- What you will do -
Word for word, repeat the data that follows. Do not include the pictures.

- Supplied material -

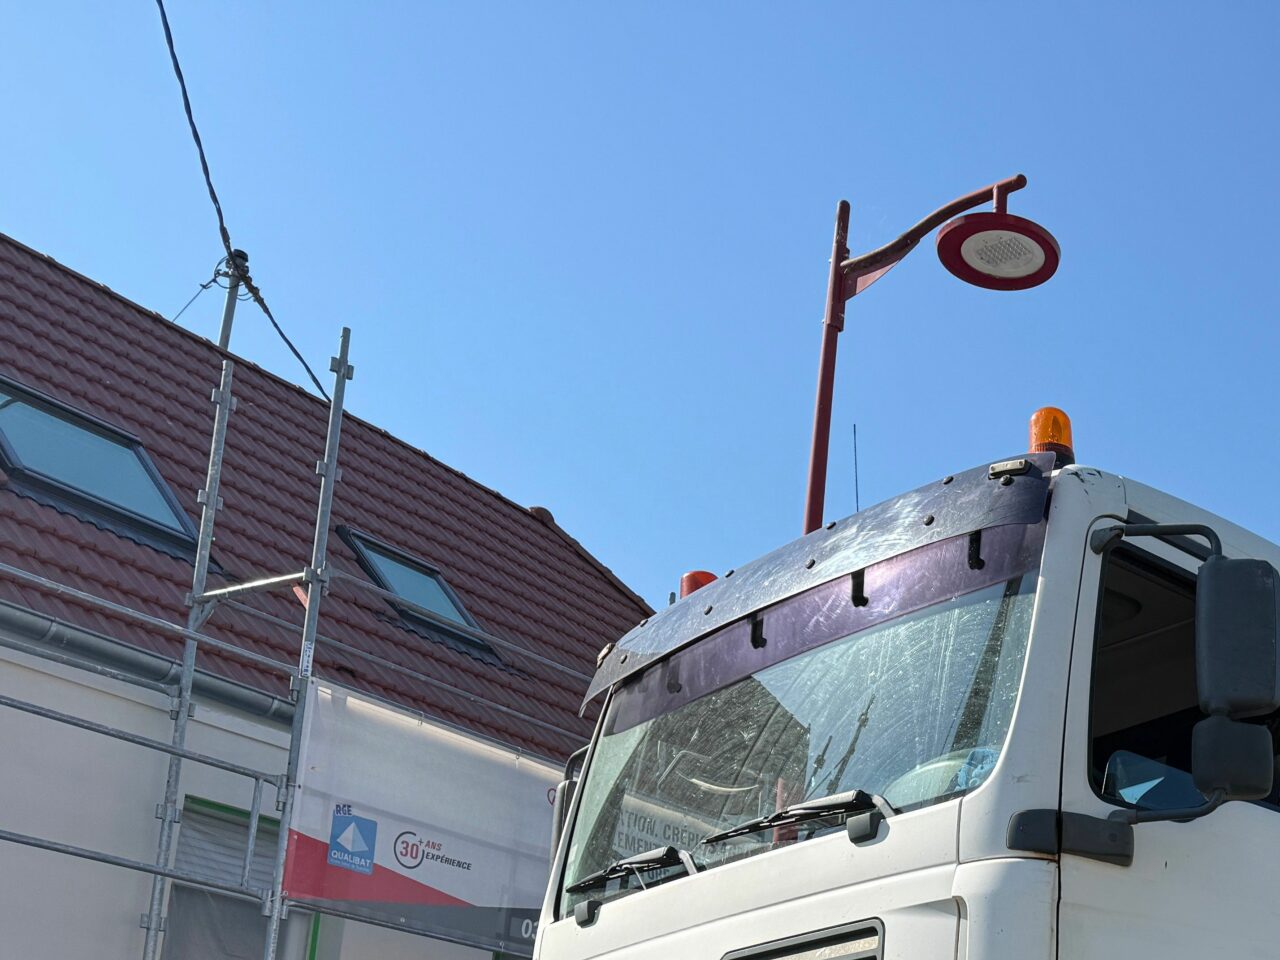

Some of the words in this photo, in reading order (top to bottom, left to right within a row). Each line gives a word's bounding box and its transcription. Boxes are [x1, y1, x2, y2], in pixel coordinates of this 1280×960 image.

[335, 804, 353, 816] RGE
[331, 849, 372, 869] QUALIBAT
[400, 840, 420, 861] 30
[424, 839, 443, 852] ANS
[425, 851, 472, 871] EXPÉRIENCE

- Task output -
Some of the words in this photo, in reading order (top to bottom, left to right within a row). Each line gives a word's bounding box and its transcription. Boxes are [x1, y1, x2, y2], in pixel coordinates of this 1280×960 image.

[335, 804, 353, 816] RGE
[331, 849, 372, 869] QUALIBAT
[400, 840, 420, 861] 30
[424, 839, 443, 852] ANS
[425, 851, 472, 871] EXPÉRIENCE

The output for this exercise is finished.